- [Data provided]:
------------------------------------------------------------------------

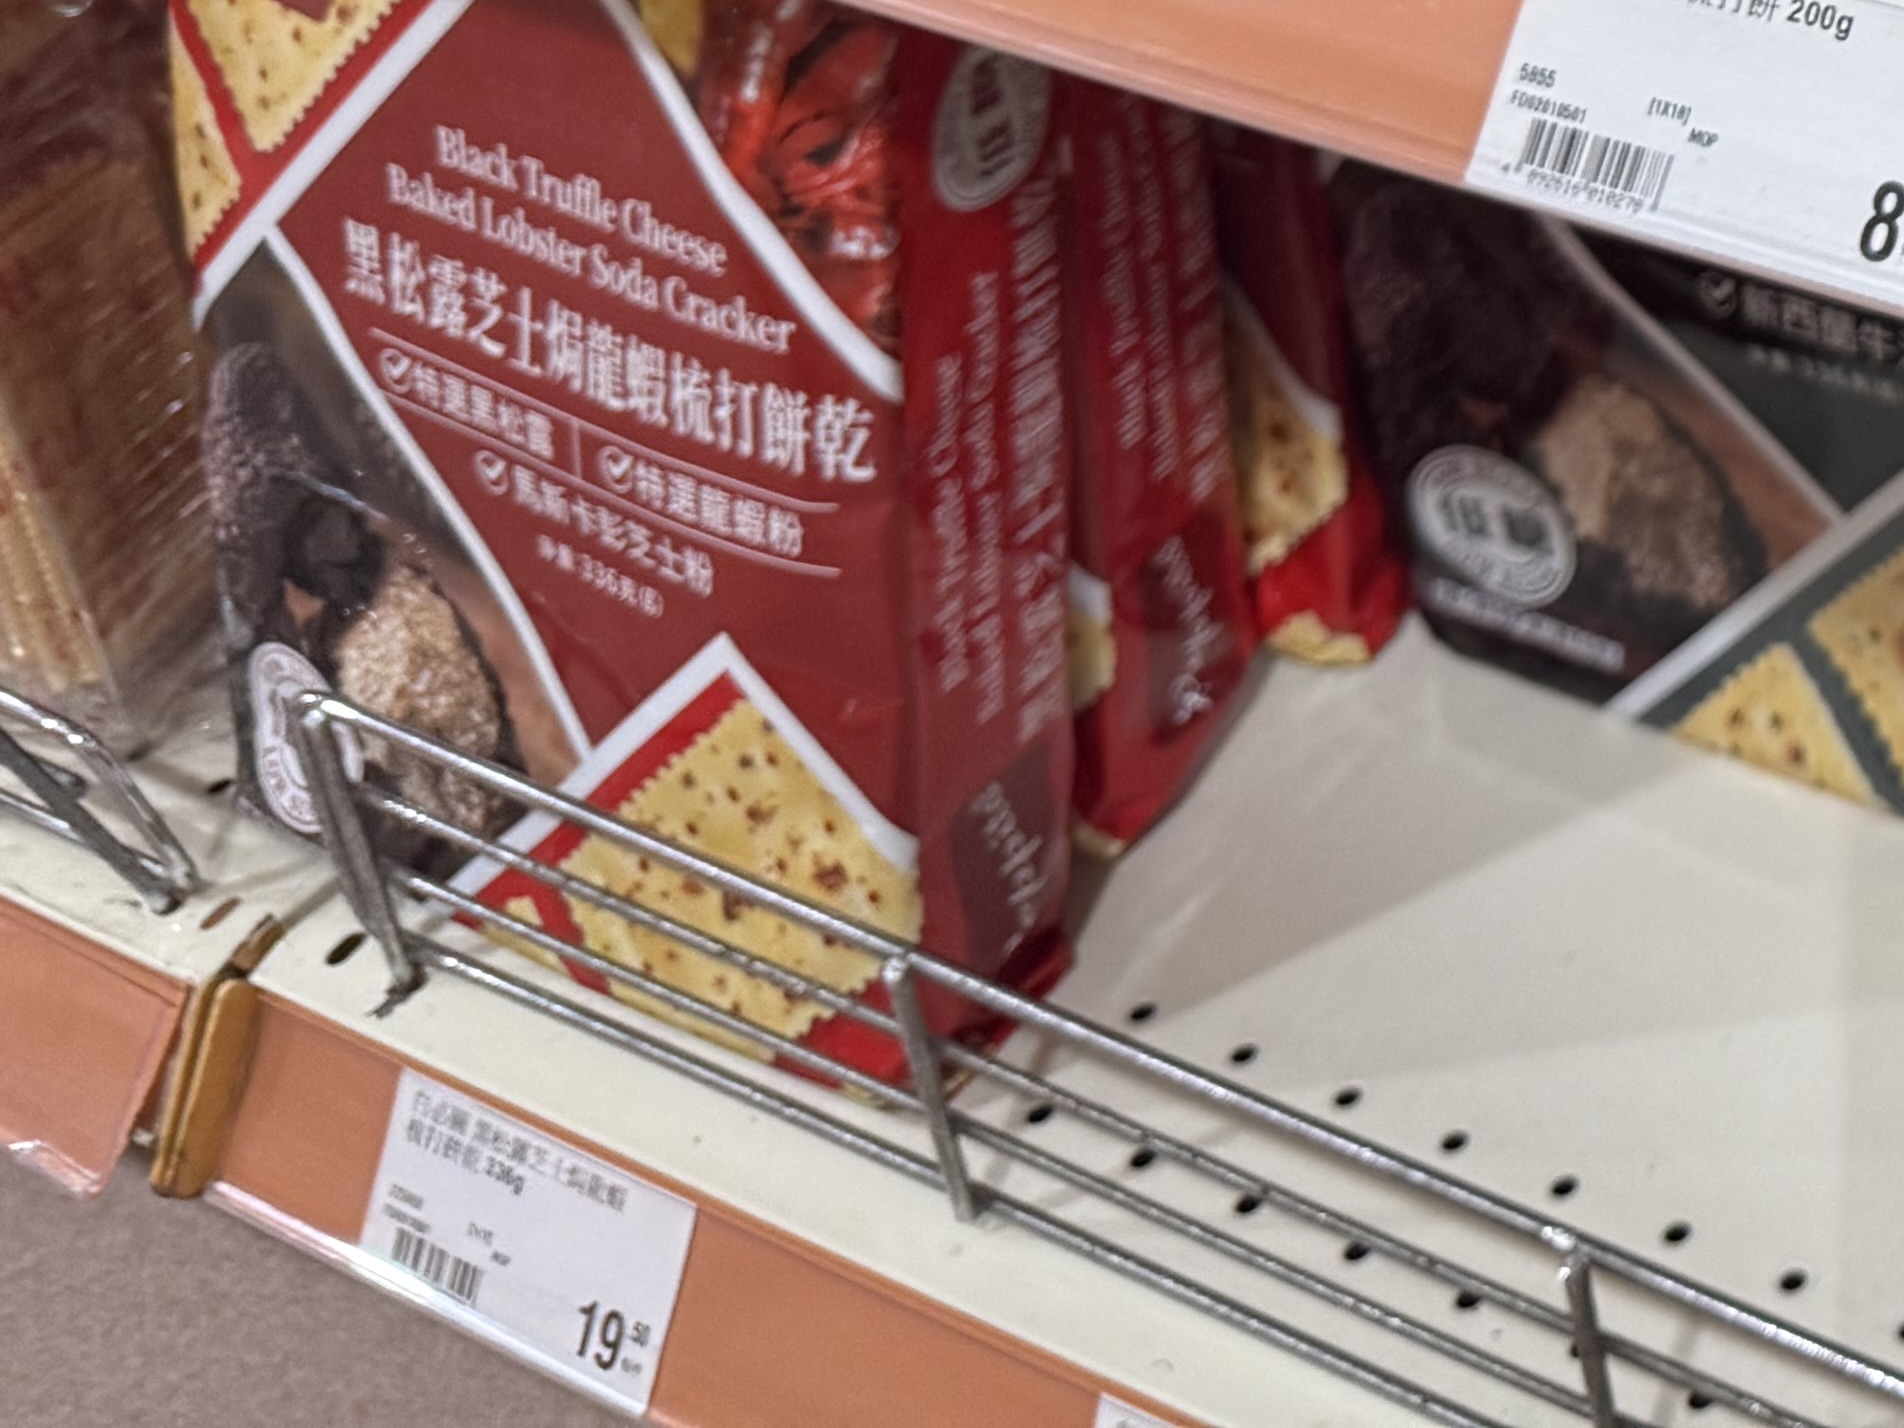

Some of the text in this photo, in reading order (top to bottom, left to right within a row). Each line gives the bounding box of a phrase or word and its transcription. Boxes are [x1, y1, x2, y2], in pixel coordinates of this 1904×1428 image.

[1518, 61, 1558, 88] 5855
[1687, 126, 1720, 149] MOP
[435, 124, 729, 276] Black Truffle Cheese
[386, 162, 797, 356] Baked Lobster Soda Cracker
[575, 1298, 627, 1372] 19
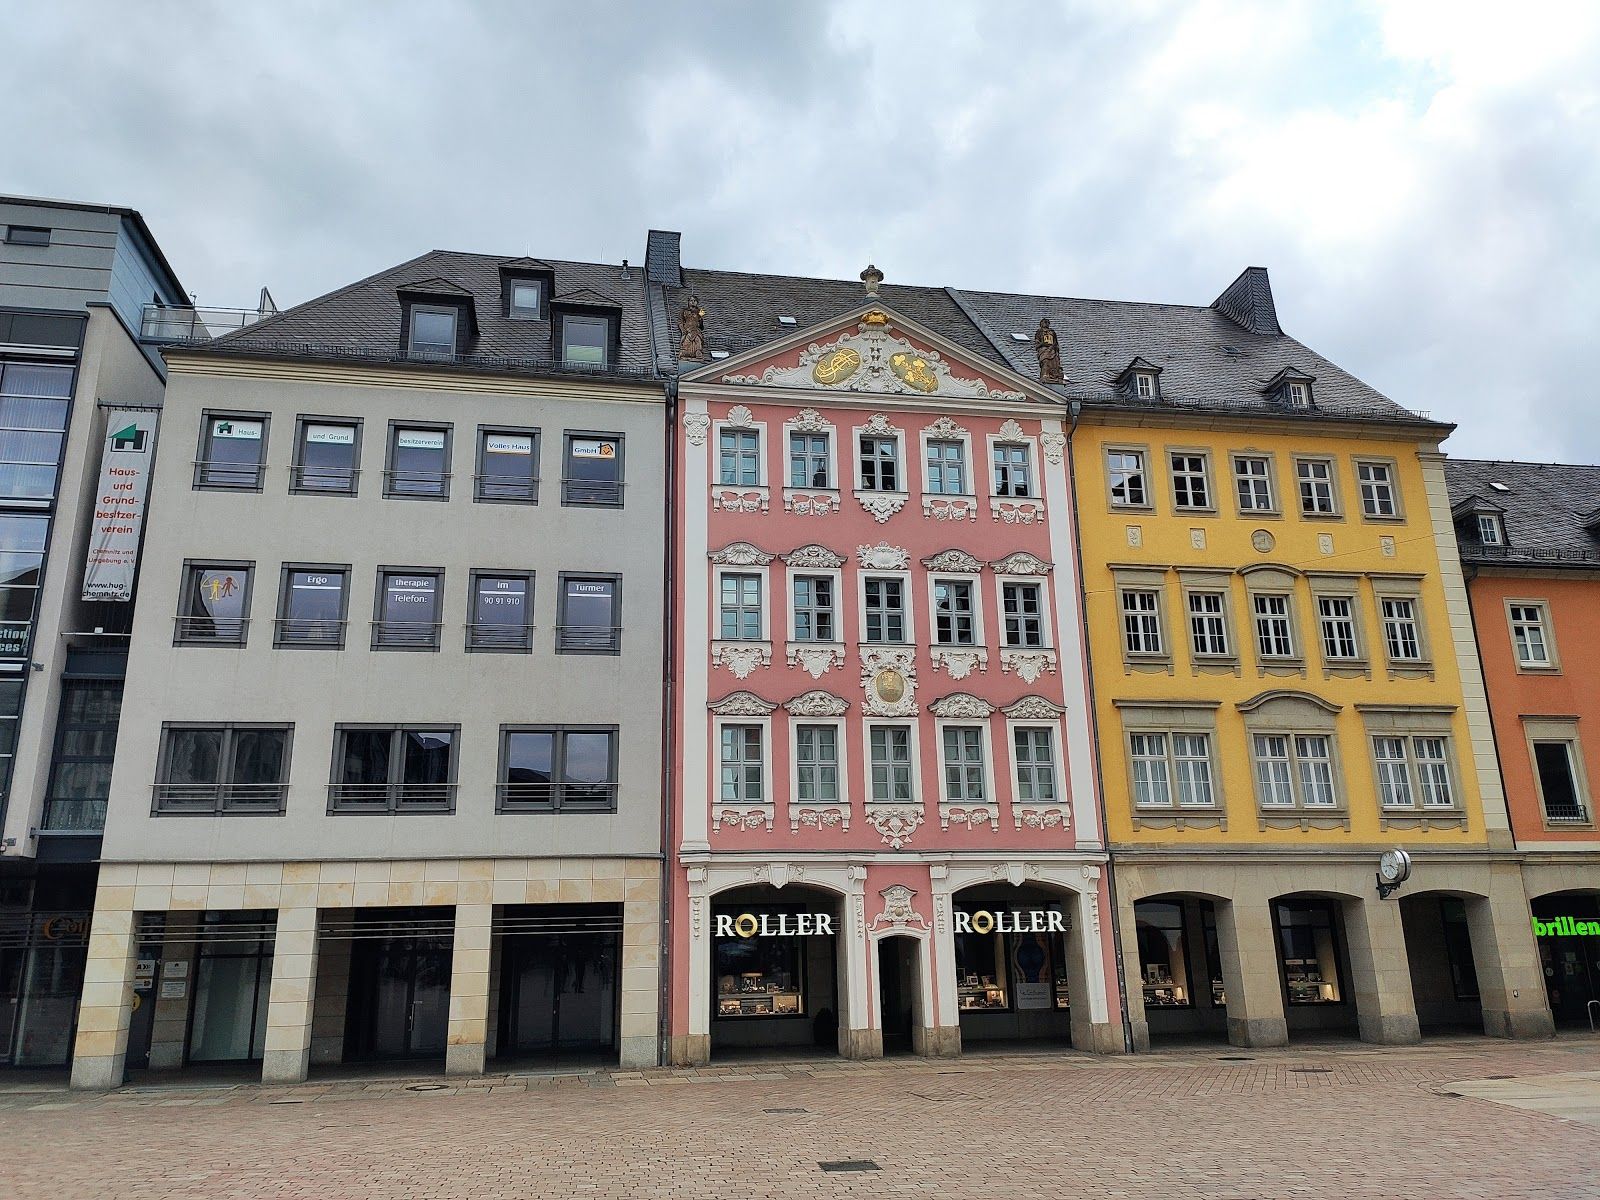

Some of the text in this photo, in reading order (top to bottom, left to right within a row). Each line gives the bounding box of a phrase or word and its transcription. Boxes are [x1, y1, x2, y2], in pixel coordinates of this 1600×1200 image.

------------------------------------------------------------------------

- [Task to carry out]:
Repeat the listing word for word, and skip every picture it contains.

- [Answer to the problem]:
Some of the text in this photo, in reading order (top to bottom, left to right within a row). Each line gives the bounding box of a phrase or word and its transcription. Boxes are [x1, y1, x2, y2], in pixel coordinates of this 1904×1428 image.

[1518, 61, 1558, 88] 5855
[1687, 126, 1720, 149] MOP
[435, 124, 729, 276] Black Truffle Cheese
[386, 162, 797, 356] Baked Lobster Soda Cracker
[575, 1298, 627, 1372] 19

Some of the text in this photo, in reading order (top to bottom, left to right within a row). Each line gives the bounding box of a phrase or word and its transcription. Boxes are [x1, y1, x2, y2], in pixel coordinates of this 1600×1200 image.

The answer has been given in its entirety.